Task to carry out:
Restate word for word the material below, starting at the line that contains "this 1133×1416 image." and stopping after the last line; skip pictures.

Entries supplied:
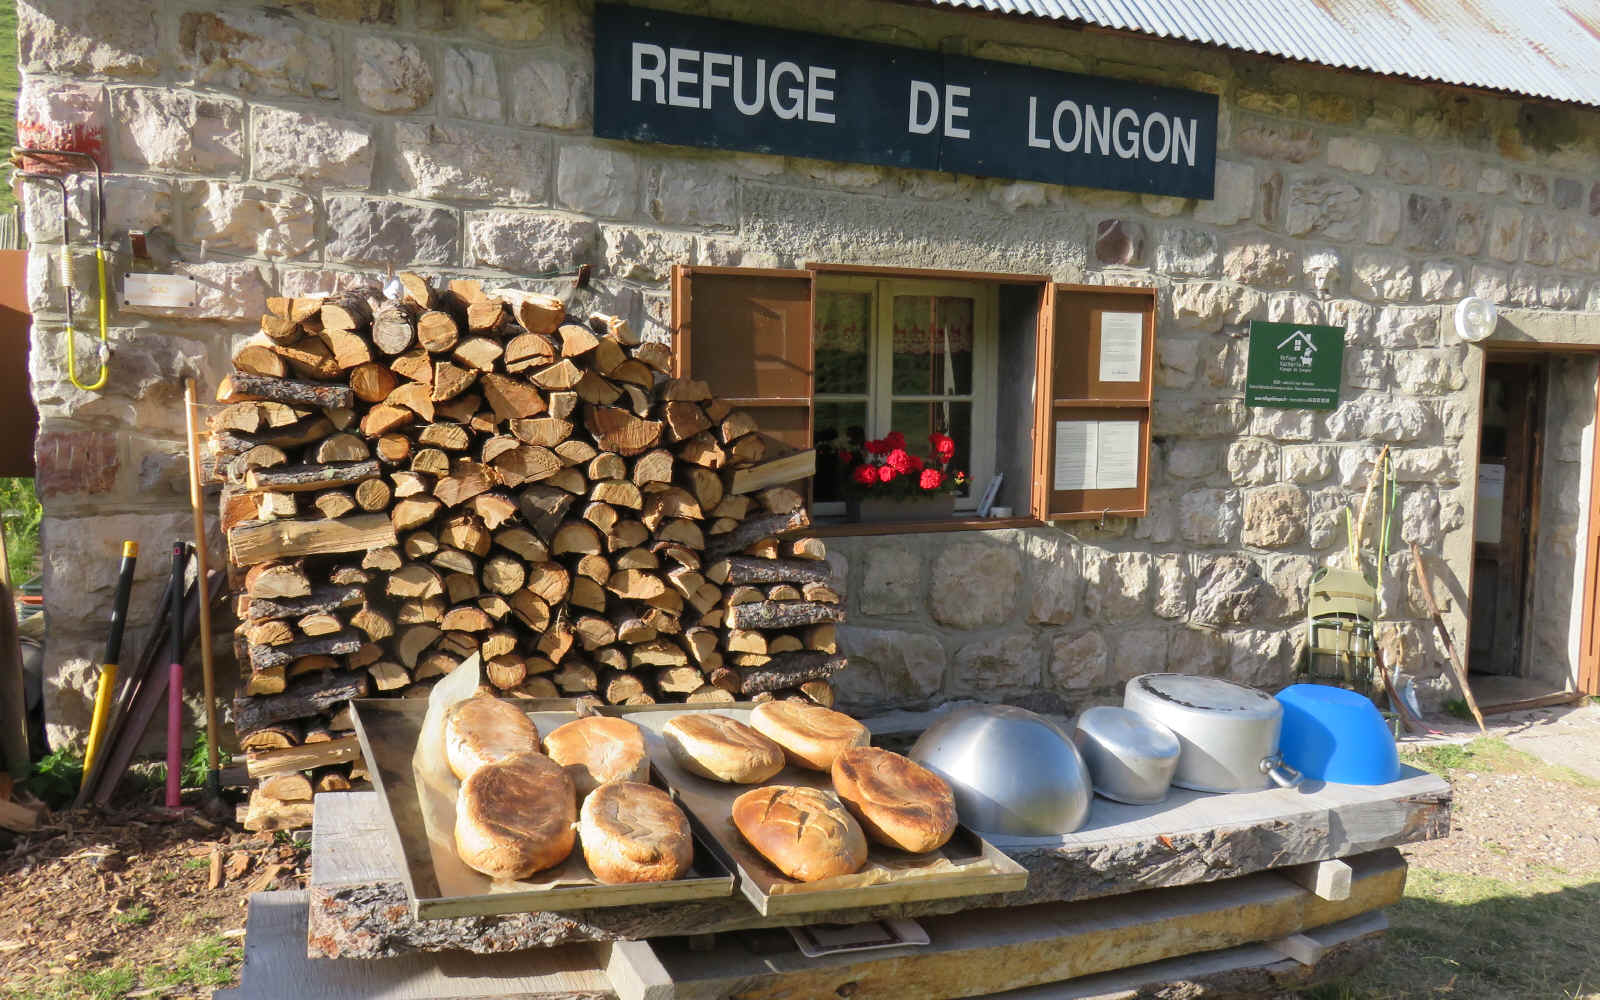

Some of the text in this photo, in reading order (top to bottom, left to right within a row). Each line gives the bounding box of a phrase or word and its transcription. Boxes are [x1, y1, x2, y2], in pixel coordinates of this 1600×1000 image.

[632, 43, 1196, 166] REFUGE DE LONGON
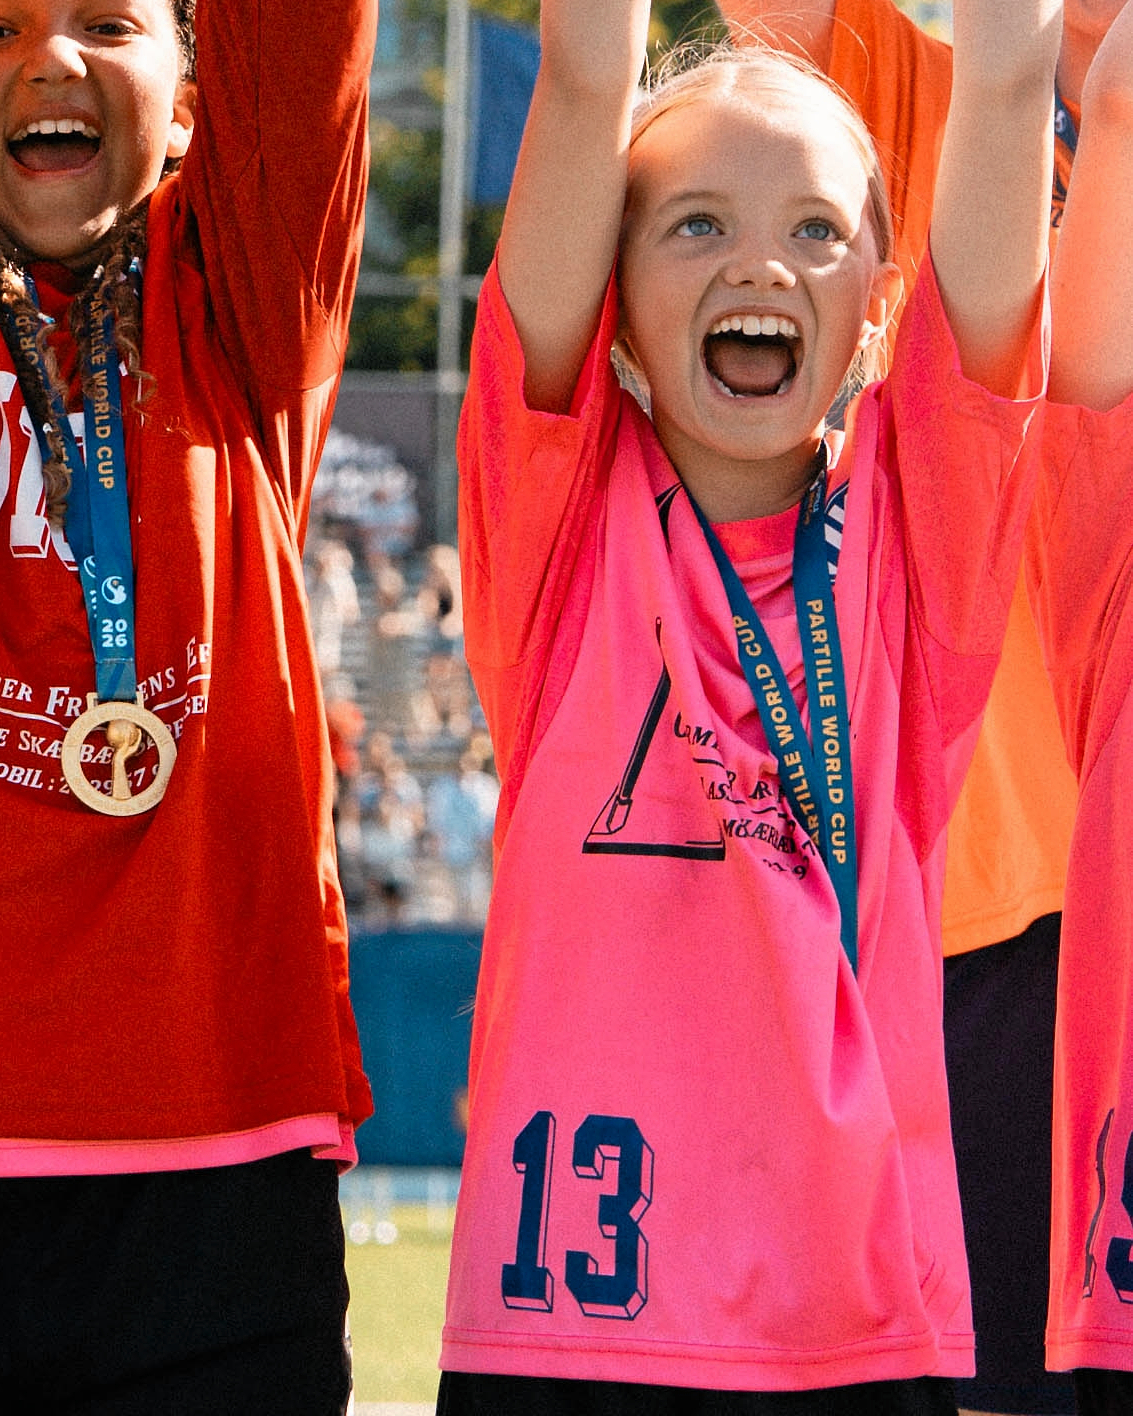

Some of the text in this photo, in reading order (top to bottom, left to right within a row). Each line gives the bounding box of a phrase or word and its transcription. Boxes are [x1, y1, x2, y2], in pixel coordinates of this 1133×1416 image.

[92, 369, 111, 439] WORLD
[96, 445, 115, 490] CUP
[101, 618, 128, 633] 20
[101, 633, 128, 648] 26
[732, 615, 763, 657] CUP
[755, 663, 795, 747] WORLD
[807, 599, 848, 865] PARTILLE WORLD CUP
[500, 1110, 655, 1322] 13
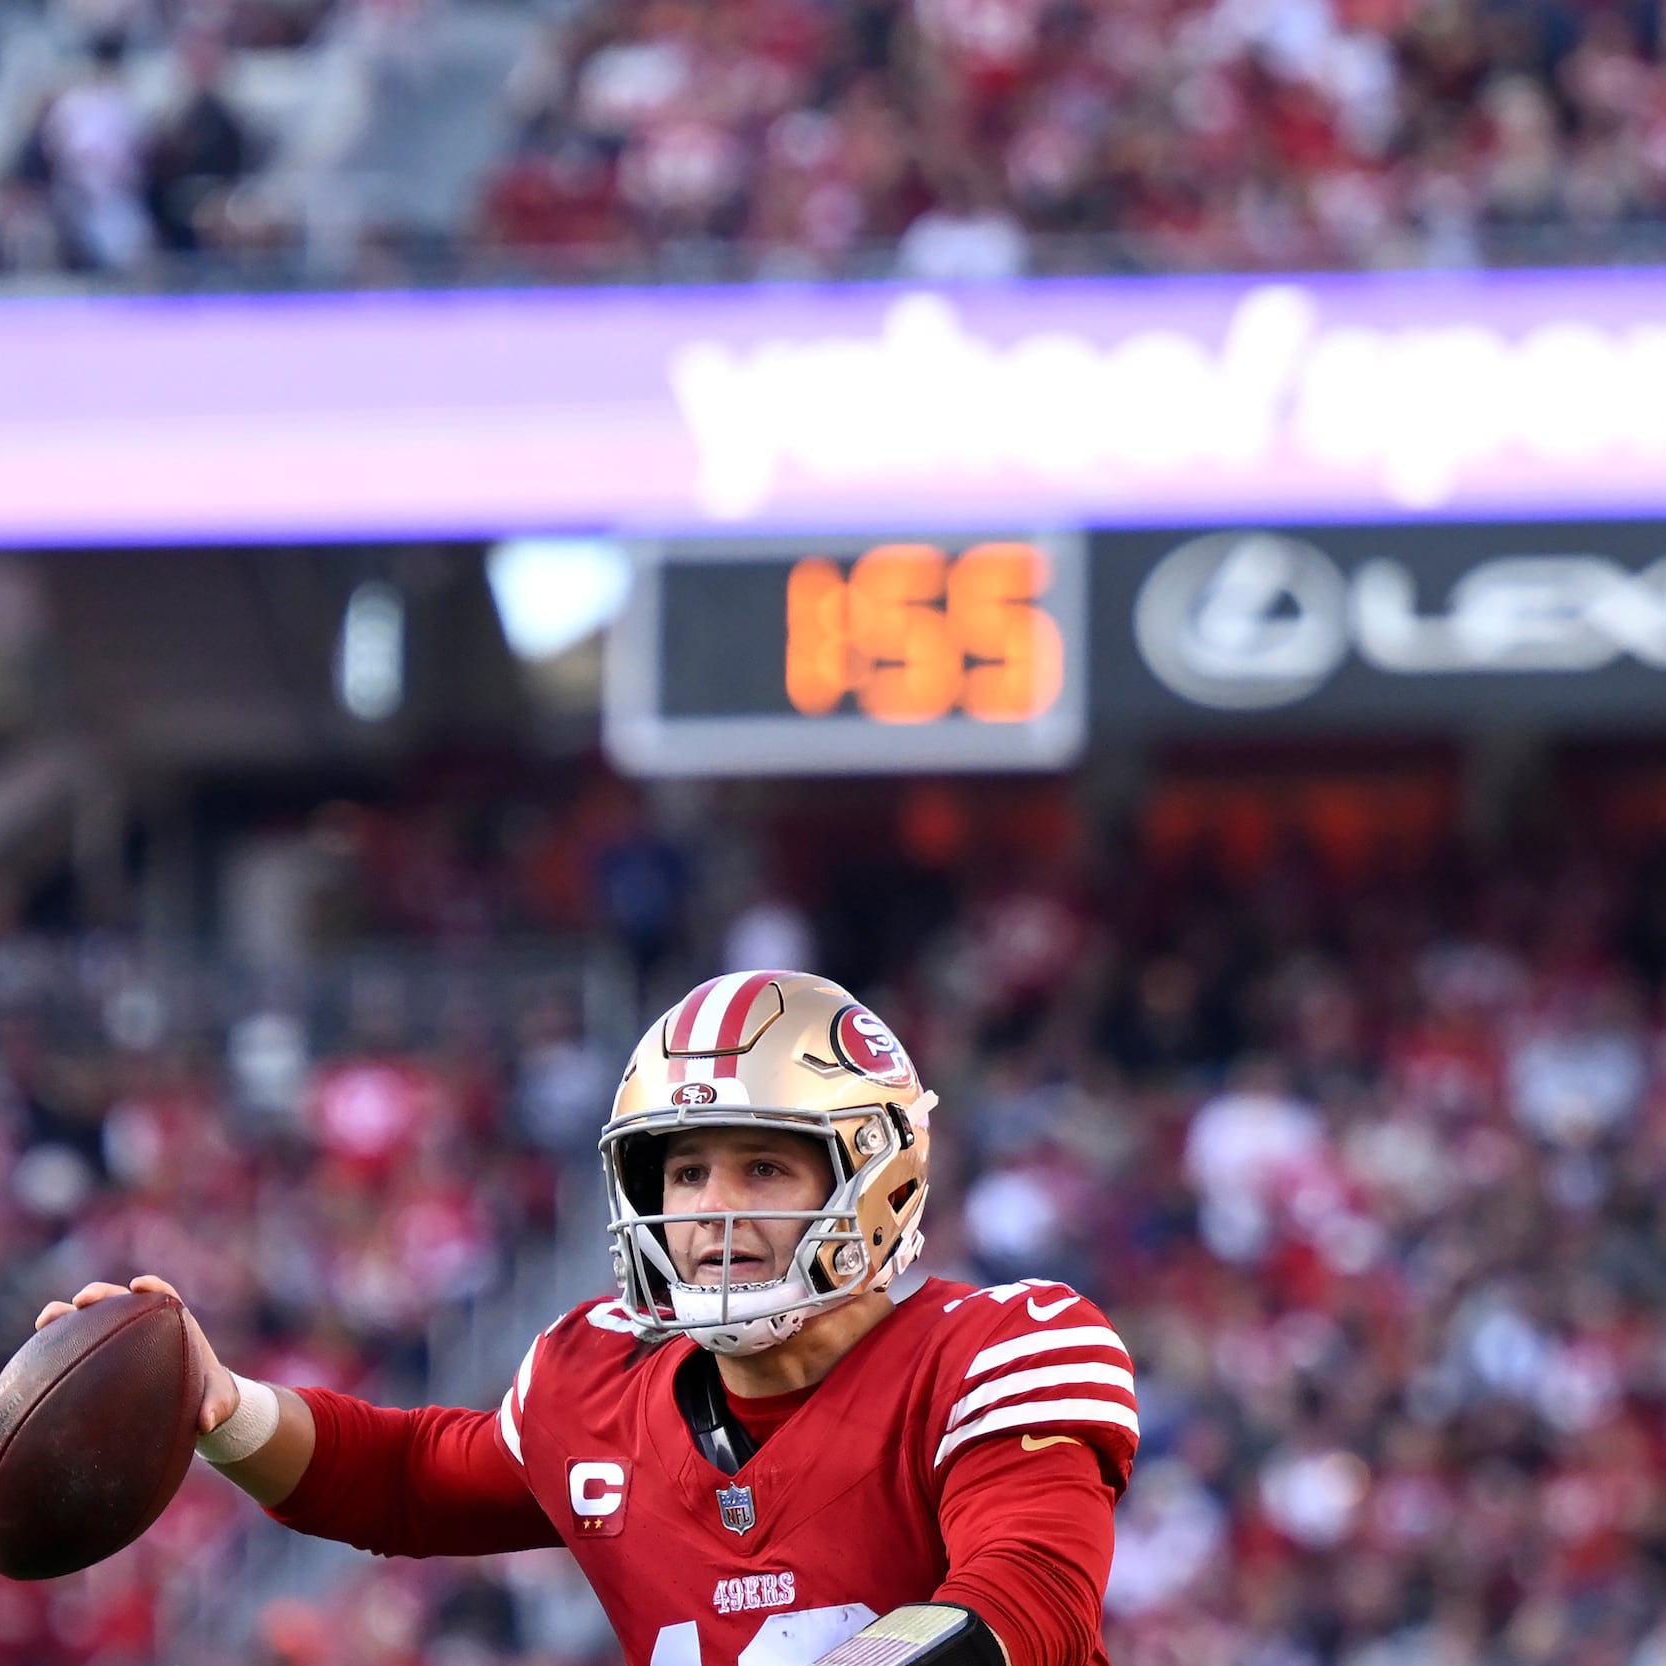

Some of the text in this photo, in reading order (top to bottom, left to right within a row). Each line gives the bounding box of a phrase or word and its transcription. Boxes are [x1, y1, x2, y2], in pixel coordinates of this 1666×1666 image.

[568, 1460, 625, 1516] C
[725, 1505, 750, 1525] NFL
[713, 1571, 796, 1614] 49ERS
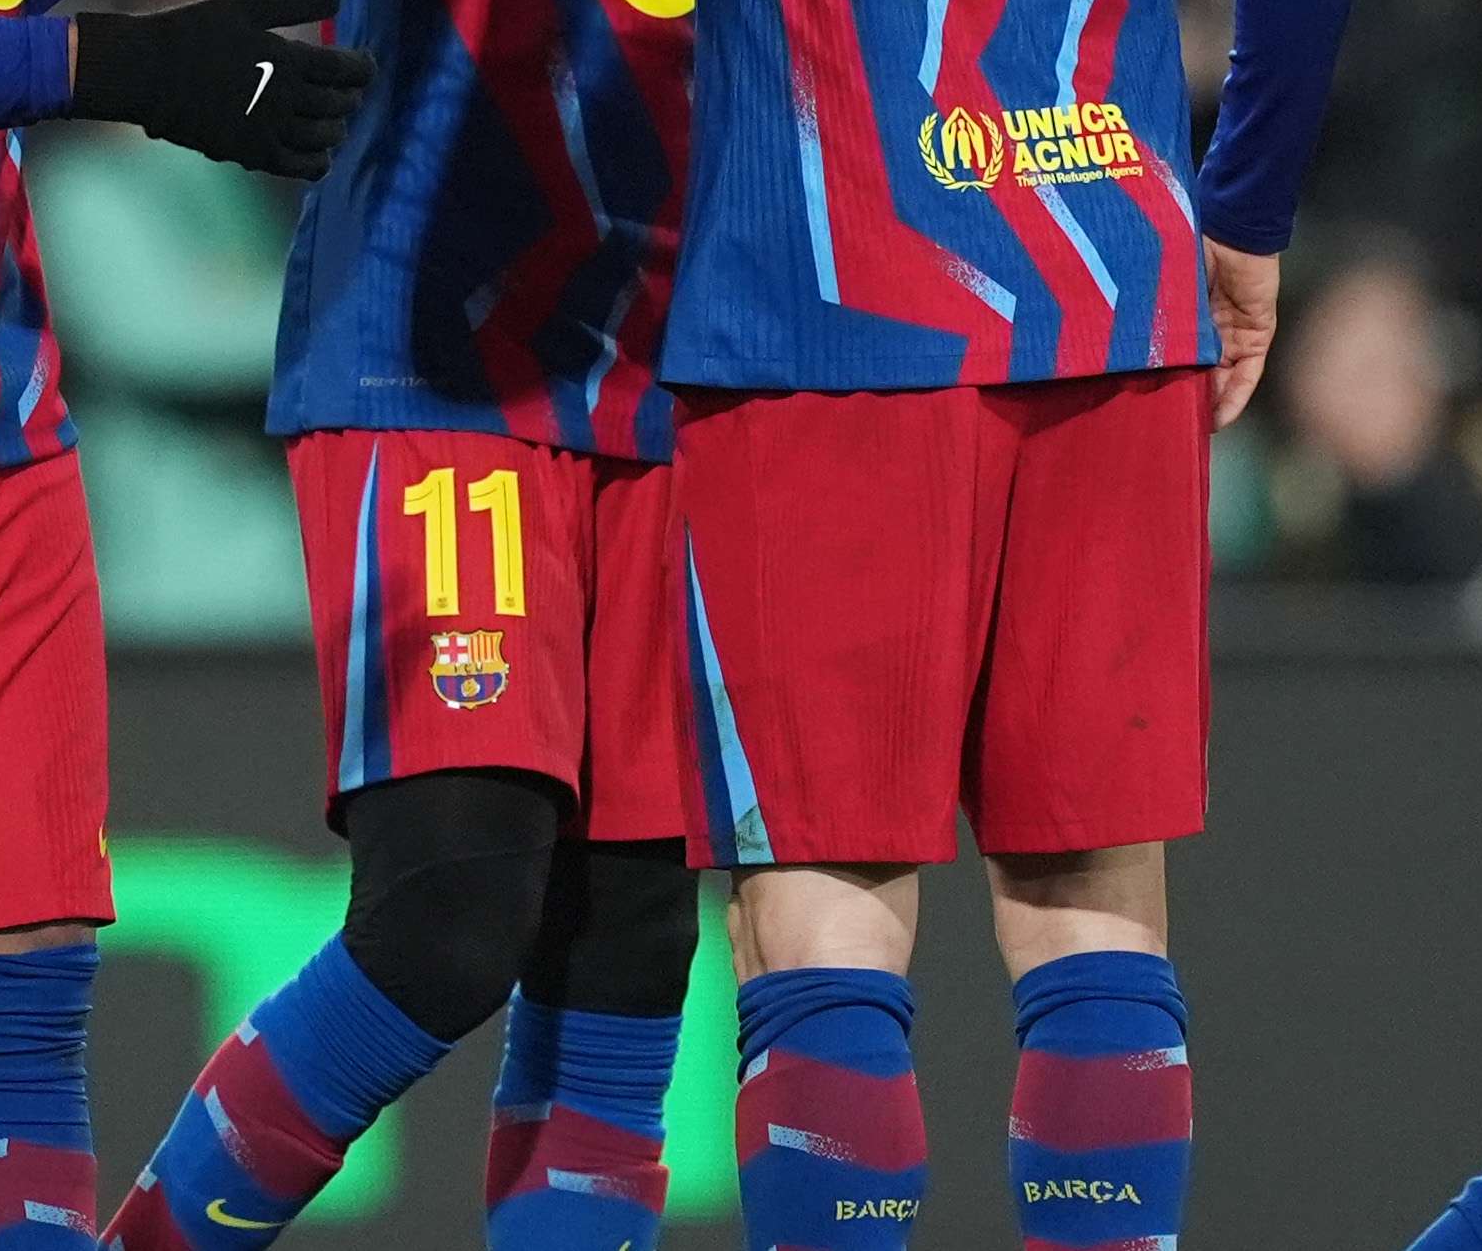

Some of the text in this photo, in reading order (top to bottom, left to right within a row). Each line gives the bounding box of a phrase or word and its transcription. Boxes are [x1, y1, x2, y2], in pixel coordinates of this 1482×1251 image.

[1001, 102, 1129, 141] UNHCR
[1013, 133, 1140, 173] ACNUR
[1015, 165, 1143, 188] The UN Refugee Agency
[404, 468, 526, 617] 11
[1024, 1180, 1141, 1205] BARÇA
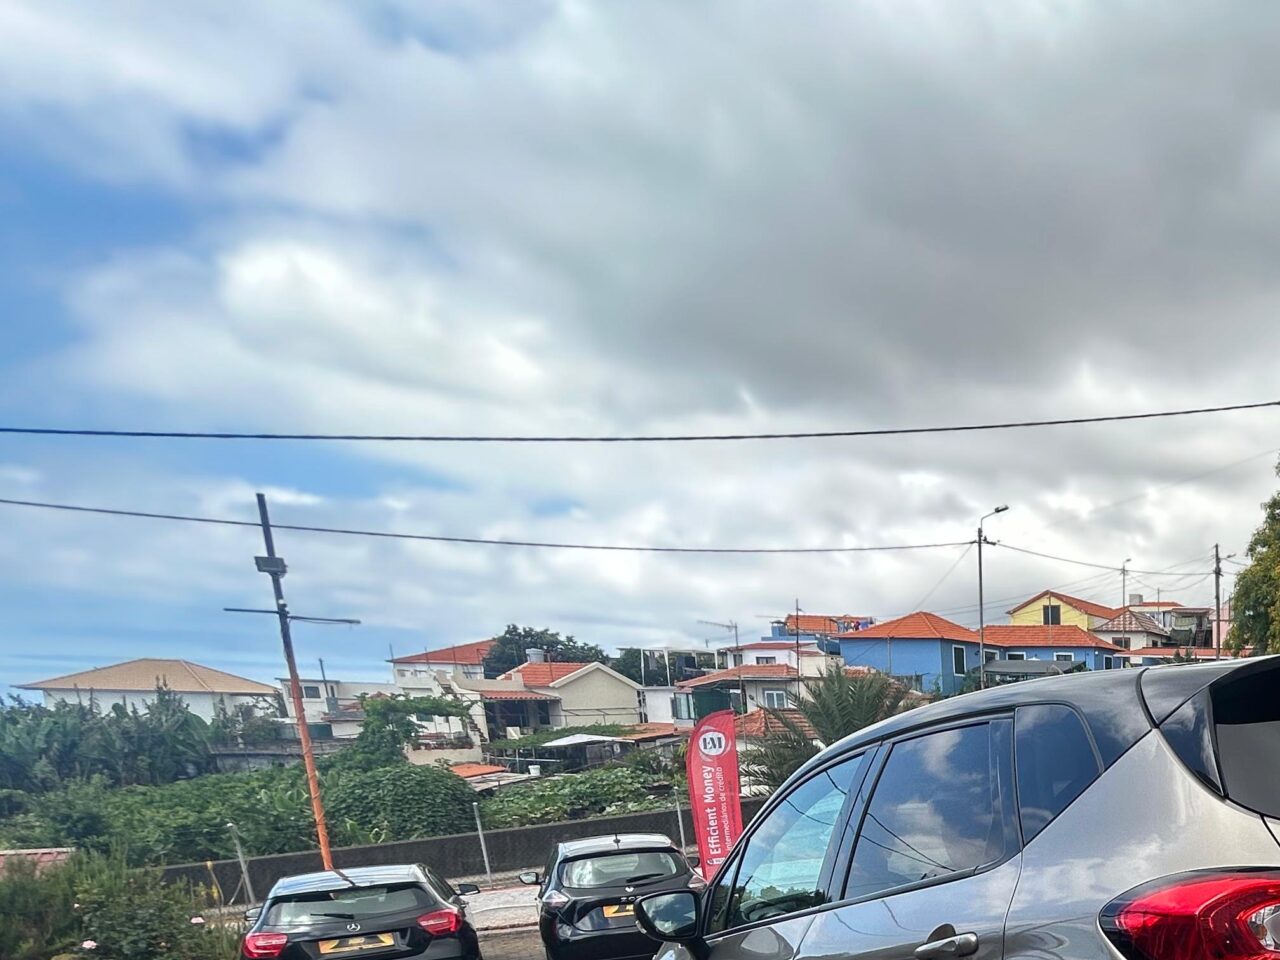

The answer:
Some of the text in this photo, in reading order (top to bottom, left to right within a row). Each line gives the bounding box of a phrase or word and its transcription. Boxes are [x1, y1, x2, y2], in pixel coordinates of this 1133×1416 image.

[92, 369, 111, 439] WORLD
[96, 445, 115, 490] CUP
[101, 618, 128, 633] 20
[101, 633, 128, 648] 26
[732, 615, 763, 657] CUP
[755, 663, 795, 747] WORLD
[807, 599, 848, 865] PARTILLE WORLD CUP
[500, 1110, 655, 1322] 13

Some of the text in this photo, in reading order (top to bottom, left to right within a row). Each line gives the bounding box of a phrase or word and its transcription. Boxes are [x1, y1, x2, y2], in pixel coordinates of this 1666×1666 image.

[568, 1460, 625, 1516] C
[725, 1505, 750, 1525] NFL
[713, 1571, 796, 1614] 49ERS

Some of the text in this photo, in reading order (top to bottom, left to right within a row). Each line gives the bounding box of a phrase or word and its transcription. Boxes are [x1, y1, x2, y2], in pixel coordinates of this 1482×1251 image.

[1001, 102, 1129, 141] UNHCR
[1013, 133, 1140, 173] ACNUR
[1015, 165, 1143, 188] The UN Refugee Agency
[404, 468, 526, 617] 11
[1024, 1180, 1141, 1205] BARÇA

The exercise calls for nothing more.